Recent Accounting Pronouncements
In May 2014, the FASB issued ASU No. 2014-09, "Revenue from Contracts with Customers" ("ASU 2014-09"), which establishes a comprehensive new revenue recognition model designed to depict the transfer of goods or services to a customer in an amount that reflects the consideration the entity expects to be entitled to receive in exchange for those goods or services and requires significantly enhanced revenue disclosures. ASU 2014-09 will replace most existing revenue recognition guidance in GAAP when it becomes effective. The standard is effective for interim and annual periods beginning after December 15, 2016 and permits the use of either the retrospective or cumulative effect transition method. Early adoption is not permitted. The Company is currently evaluating the impact of this new standard on its consolidated financial statements and related disclosures.

2. PBF LOGISTICS LP
On May 14, 2014, PBFX completed its initial public offering (the “PBFX Offering”) of 15,812,500 common units (including 2,062,500 common units issued pursuant to the exercise of the underwriters' over-allotment option). Upon completion of the PBFX Offering, PBF LLC held a 50.2% limited partner interest in PBFX (consisting of 74,053 common units and 15,886,553 subordinated units) and all of PBFX’s incentive distribution rights, with the remaining 49.8% limited partner interest held by public common unit holders. PBF LLC also owns indirectly a non-economic general partner interest in PBFX through its wholly-owned subsidiary, PBF GP, the general partner of PBFX. During the subordination period (as set forth in the partnership agreement of PBFX) holders of the subordinated units are not entitled to receive any distribution of available cash until the common units have received the minimum quarterly distribution plus any arrearages in the payment of the minimum quarterly distribution from prior quarters. If PBFX does not pay distributions on the subordinated units, the subordinated units will not accrue arrearages for those unpaid distributions. Each subordinated unit will convert into one common unit at the end of the subordination period.
PBFX received proceeds (after deducting underwriting discounts and structuring fees but before offering expenses) from the PBFX Offering of approximately $340,957. PBFX used the net proceeds from the PBFX Offering (i) to distribute $35,000 to PBF LLC to reimburse it for certain capital expenditures incurred prior to the closing of the PBFX Offering with respect to assets contributed to PBFX and to reimburse it for offering expenses it incurred on behalf of PBFX; (ii) to pay debt issuance costs of $2,293 related to PBFX’s Revolving Credit Facility and Term Loan (refer to Note 7 "Credit Facilities" of our Notes to Condensed Consolidated Financial Statements); (iii) to purchase $298,664 in U.S. Treasury securities which will be used to fund anticipated capital expenditures; and (iv) to retain approximately $5,000 for general partnership purposes.

11

PBF ENERGY INC.
NOTES TO CONDENSED CONSOLIDATED FINANCIAL STATEMENTS
(IN THOUSANDS, EXCEPT SHARE, UNIT, PER SHARE, PER UNIT AND BARREL DATA)

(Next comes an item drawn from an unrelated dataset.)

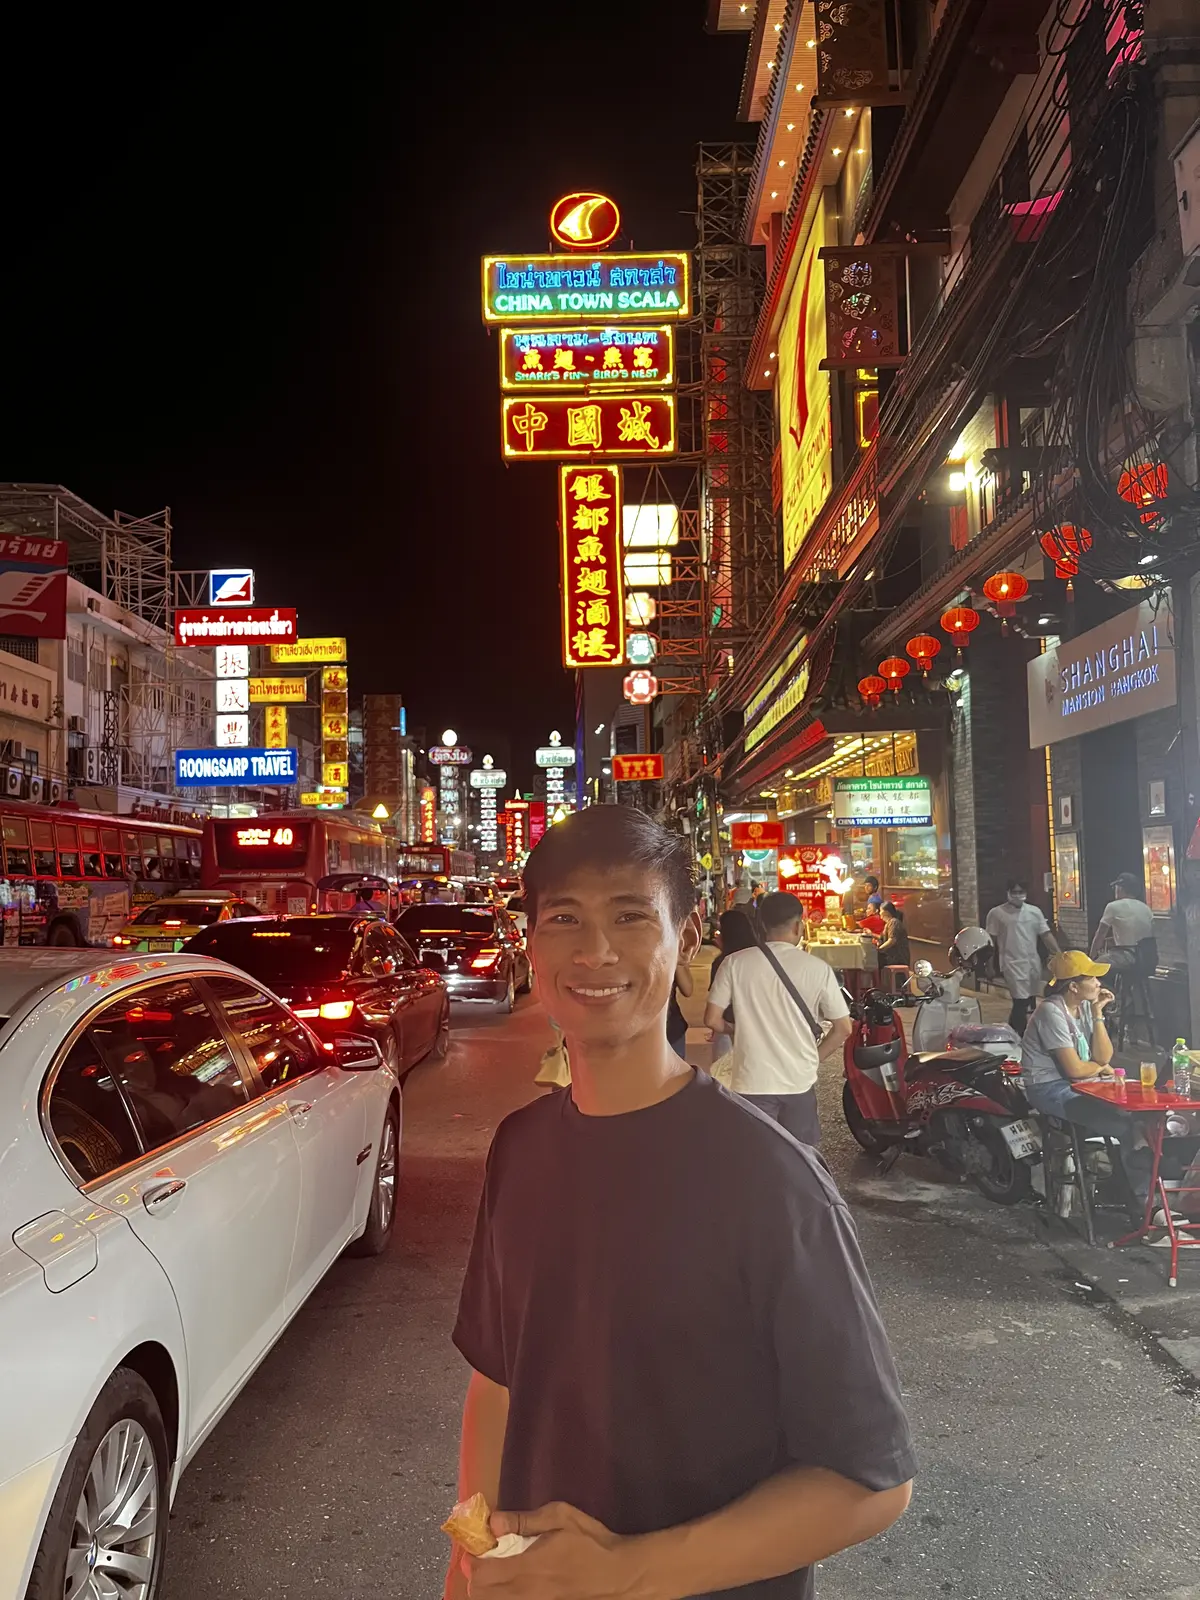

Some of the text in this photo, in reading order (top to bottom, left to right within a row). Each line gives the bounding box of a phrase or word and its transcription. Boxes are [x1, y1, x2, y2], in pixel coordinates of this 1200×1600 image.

PBFX is a fee-based, growth-oriented, Delaware master limited partnership formed by PBF Energy to own or lease, operate, develop and acquire crude oil and refined petroleum products terminals, pipelines, storage facilities and similar logistics assets. PBFX receives, handles and transfers crude oil from sources located throughout the United States and Canada for PBF Energy in support of its three refineries. PBFX’s initial assets consist of a light crude oil rail unloading terminal at the Delaware City refinery that also services the Paulsboro refinery (which we refer to as the “Delaware City Rail Terminal”), and a crude oil truck unloading terminal at the Toledo refinery (which we refer to as the “Toledo Truck Terminal”) that are integral components of the crude oil delivery operations at all three of PBF Energy’s refineries. All of PBFX’s revenue is derived from long-term, fee-based commercial agreements with subsidiaries of PBF Energy, which include minimum volume commitments, for receiving, handling and transferring crude oil. PBF Energy also has agreements with PBFX that establish fees for certain general and administrative services and operational and maintenance services provided by PBF Energy to PBFX. These transactions are eliminated by PBF Energy in consolidation.
PBFX, a variable interest entity, is consolidated by PBF Energy through its ownership of PBF LLC. PBF LLC through its ownership of PBF GP, has the sole ability to direct the activities of PBFX that most significantly impact its economic performance. PBF LLC is considered to be the primary beneficiary for accounting purposes.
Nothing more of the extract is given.